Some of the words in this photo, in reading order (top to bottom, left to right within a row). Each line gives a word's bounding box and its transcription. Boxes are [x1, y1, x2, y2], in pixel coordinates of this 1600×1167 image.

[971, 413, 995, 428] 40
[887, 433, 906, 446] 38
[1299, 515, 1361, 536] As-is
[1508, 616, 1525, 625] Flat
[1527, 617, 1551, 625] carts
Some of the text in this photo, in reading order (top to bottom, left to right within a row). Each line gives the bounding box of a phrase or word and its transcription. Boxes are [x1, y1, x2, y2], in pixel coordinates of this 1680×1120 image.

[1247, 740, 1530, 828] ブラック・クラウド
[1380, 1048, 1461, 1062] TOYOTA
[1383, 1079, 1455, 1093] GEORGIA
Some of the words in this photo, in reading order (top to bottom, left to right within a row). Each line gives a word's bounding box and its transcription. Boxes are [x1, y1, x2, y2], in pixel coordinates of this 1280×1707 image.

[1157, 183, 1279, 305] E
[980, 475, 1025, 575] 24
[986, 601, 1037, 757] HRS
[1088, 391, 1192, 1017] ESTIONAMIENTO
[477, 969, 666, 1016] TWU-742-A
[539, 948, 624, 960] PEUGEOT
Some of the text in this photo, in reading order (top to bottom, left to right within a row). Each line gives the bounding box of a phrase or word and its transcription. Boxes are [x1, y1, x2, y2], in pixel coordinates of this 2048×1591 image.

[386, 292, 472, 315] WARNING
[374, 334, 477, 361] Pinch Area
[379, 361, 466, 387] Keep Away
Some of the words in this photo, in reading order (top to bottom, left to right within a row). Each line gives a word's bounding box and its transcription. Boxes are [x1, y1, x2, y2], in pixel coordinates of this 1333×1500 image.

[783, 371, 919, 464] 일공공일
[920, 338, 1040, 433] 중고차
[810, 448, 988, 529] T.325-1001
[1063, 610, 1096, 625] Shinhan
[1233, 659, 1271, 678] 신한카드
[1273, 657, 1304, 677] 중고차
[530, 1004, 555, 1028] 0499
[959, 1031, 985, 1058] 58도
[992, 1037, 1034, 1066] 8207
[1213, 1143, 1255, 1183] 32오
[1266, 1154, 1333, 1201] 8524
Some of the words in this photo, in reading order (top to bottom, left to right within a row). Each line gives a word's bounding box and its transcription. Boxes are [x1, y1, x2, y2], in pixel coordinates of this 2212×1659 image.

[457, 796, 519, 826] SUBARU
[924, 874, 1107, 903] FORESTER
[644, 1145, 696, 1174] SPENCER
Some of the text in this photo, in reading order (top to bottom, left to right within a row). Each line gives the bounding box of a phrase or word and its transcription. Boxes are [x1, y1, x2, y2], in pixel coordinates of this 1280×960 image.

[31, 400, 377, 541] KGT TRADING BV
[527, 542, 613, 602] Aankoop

■ Instructions to follow
Restate all of the material exactly.

■ Reply to the task
Some of the words in this photo, in reading order (top to bottom, left to right within a row). Each line gives a word's bounding box and its transcription. Boxes are [x1, y1, x2, y2], in pixel coordinates of this 1600×1167 image.

[971, 413, 995, 428] 40
[887, 433, 906, 446] 38
[1299, 515, 1361, 536] As-is
[1508, 616, 1525, 625] Flat
[1527, 617, 1551, 625] carts
Some of the text in this photo, in reading order (top to bottom, left to right within a row). Each line gives the bounding box of a phrase or word and its transcription. Boxes are [x1, y1, x2, y2], in pixel coordinates of this 1680×1120 image.

[1247, 740, 1530, 828] ブラック・クラウド
[1380, 1048, 1461, 1062] TOYOTA
[1383, 1079, 1455, 1093] GEORGIA
Some of the words in this photo, in reading order (top to bottom, left to right within a row). Each line gives a word's bounding box and its transcription. Boxes are [x1, y1, x2, y2], in pixel coordinates of this 1280×1707 image.

[1157, 183, 1279, 305] E
[980, 475, 1025, 575] 24
[986, 601, 1037, 757] HRS
[1088, 391, 1192, 1017] ESTIONAMIENTO
[477, 969, 666, 1016] TWU-742-A
[539, 948, 624, 960] PEUGEOT
Some of the text in this photo, in reading order (top to bottom, left to right within a row). Each line gives the bounding box of a phrase or word and its transcription. Boxes are [x1, y1, x2, y2], in pixel coordinates of this 2048×1591 image.

[386, 292, 472, 315] WARNING
[374, 334, 477, 361] Pinch Area
[379, 361, 466, 387] Keep Away
Some of the words in this photo, in reading order (top to bottom, left to right within a row). Each line gives a word's bounding box and its transcription. Boxes are [x1, y1, x2, y2], in pixel coordinates of this 1333×1500 image.

[783, 371, 919, 464] 일공공일
[920, 338, 1040, 433] 중고차
[810, 448, 988, 529] T.325-1001
[1063, 610, 1096, 625] Shinhan
[1233, 659, 1271, 678] 신한카드
[1273, 657, 1304, 677] 중고차
[530, 1004, 555, 1028] 0499
[959, 1031, 985, 1058] 58도
[992, 1037, 1034, 1066] 8207
[1213, 1143, 1255, 1183] 32오
[1266, 1154, 1333, 1201] 8524
Some of the words in this photo, in reading order (top to bottom, left to right within a row). Each line gives a word's bounding box and its transcription. Boxes are [x1, y1, x2, y2], in pixel coordinates of this 2212×1659 image.

[457, 796, 519, 826] SUBARU
[924, 874, 1107, 903] FORESTER
[644, 1145, 696, 1174] SPENCER
Some of the text in this photo, in reading order (top to bottom, left to right within a row). Each line gives the bounding box of a phrase or word and its transcription. Boxes are [x1, y1, x2, y2], in pixel coordinates of this 1280×960 image.

[31, 400, 377, 541] KGT TRADING BV
[527, 542, 613, 602] Aankoop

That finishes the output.